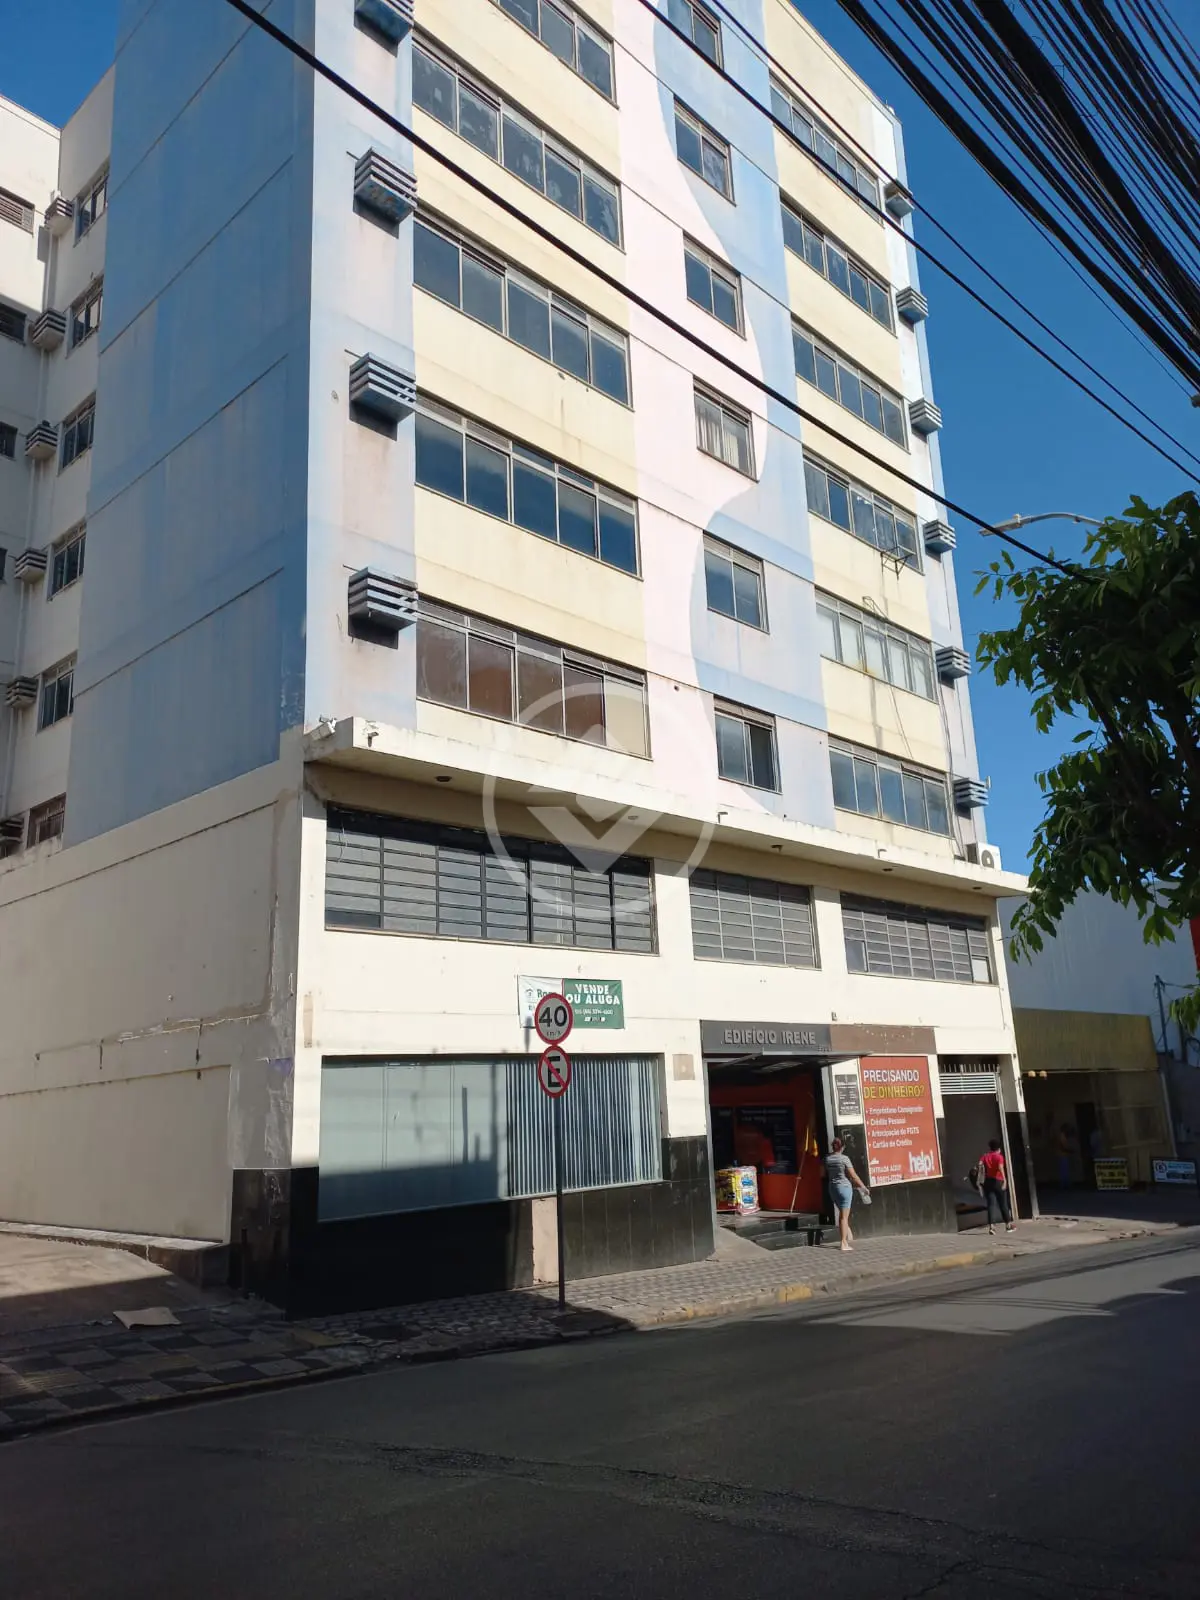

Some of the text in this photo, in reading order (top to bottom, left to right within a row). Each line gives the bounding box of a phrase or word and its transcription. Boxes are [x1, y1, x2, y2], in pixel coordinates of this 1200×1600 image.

[575, 983, 609, 995] VENDE
[566, 993, 581, 1004] OU
[585, 995, 620, 1005] ALUGA
[539, 1005, 567, 1027] 40
[724, 1026, 816, 1046] EDIFÍCIO IRENE
[863, 1070, 919, 1082] PRECISANDO
[864, 1085, 925, 1099] DE DINHEIRO?
[906, 1126, 920, 1135] FGTS
[909, 1150, 935, 1176] help!

### WORK REQUIRED
Skipping all images, output the listing exactly.

### TASK ANSWER
Some of the text in this photo, in reading order (top to bottom, left to right within a row). Each line gives the bounding box of a phrase or word and its transcription. Boxes are [x1, y1, x2, y2], in pixel coordinates of this 1200×1600 image.

[575, 983, 609, 995] VENDE
[566, 993, 581, 1004] OU
[585, 995, 620, 1005] ALUGA
[539, 1005, 567, 1027] 40
[724, 1026, 816, 1046] EDIFÍCIO IRENE
[863, 1070, 919, 1082] PRECISANDO
[864, 1085, 925, 1099] DE DINHEIRO?
[906, 1126, 920, 1135] FGTS
[909, 1150, 935, 1176] help!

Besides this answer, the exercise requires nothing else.